• [Goal of the exercise] Return the entries below word for word. No picture belongs in the copy.

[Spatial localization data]
------

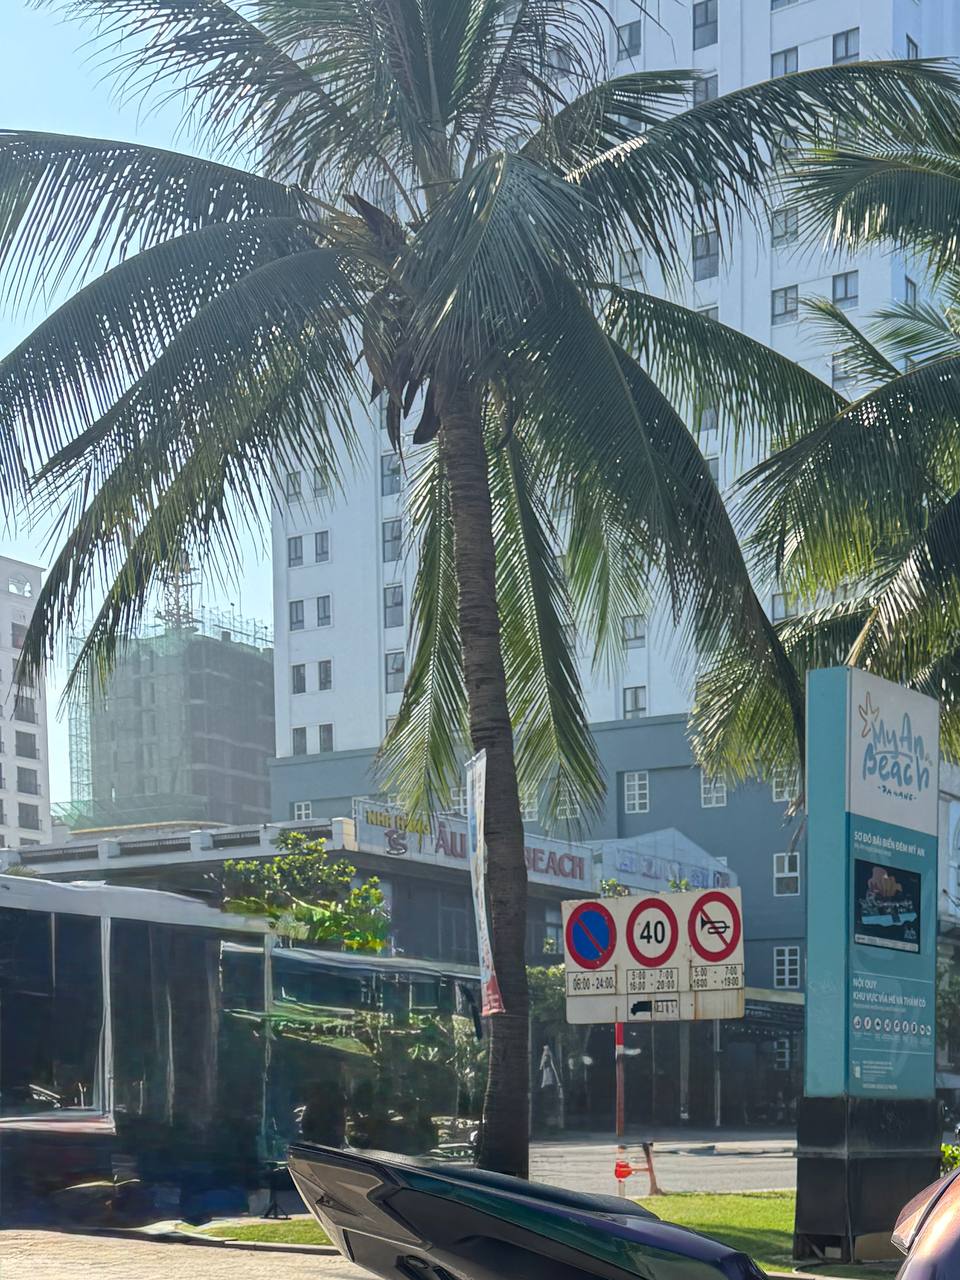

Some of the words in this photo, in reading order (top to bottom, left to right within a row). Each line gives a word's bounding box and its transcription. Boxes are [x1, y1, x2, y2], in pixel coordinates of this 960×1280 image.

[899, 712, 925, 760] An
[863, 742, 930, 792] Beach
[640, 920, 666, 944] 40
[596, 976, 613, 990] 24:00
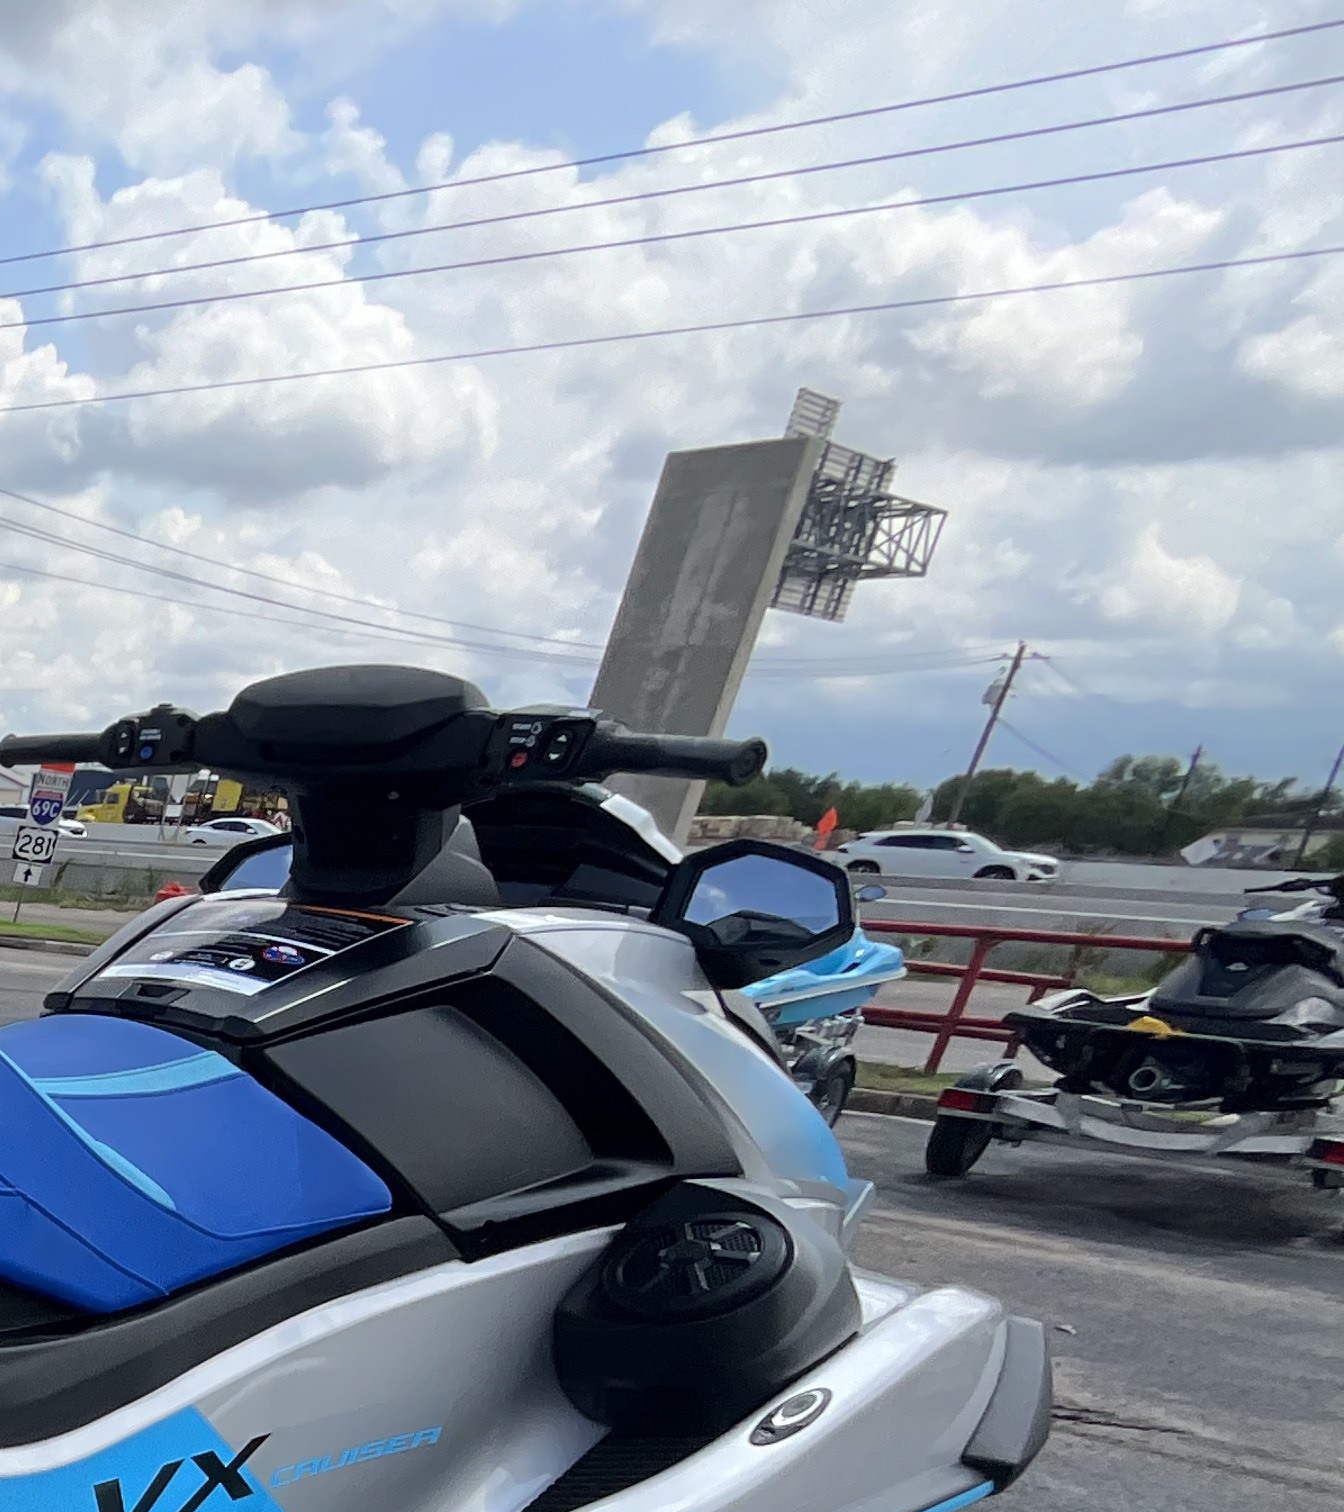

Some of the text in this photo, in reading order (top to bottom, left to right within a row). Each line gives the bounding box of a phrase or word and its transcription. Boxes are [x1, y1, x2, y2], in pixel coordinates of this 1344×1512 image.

------

• [Task result]
Some of the words in this photo, in reading order (top to bottom, left to right within a row). Each line gives a word's bounding box and its transcription. Boxes are [x1, y1, x2, y2], in pixel coordinates of this 960×1280 image.

[899, 712, 925, 760] An
[863, 742, 930, 792] Beach
[640, 920, 666, 944] 40
[596, 976, 613, 990] 24:00

Some of the text in this photo, in reading order (top to bottom, left to right within a row). Each line gives the bounding box of a phrase or word and its transcription. Boxes are [x1, y1, x2, y2], in pixel coordinates of this 1344×1512 image.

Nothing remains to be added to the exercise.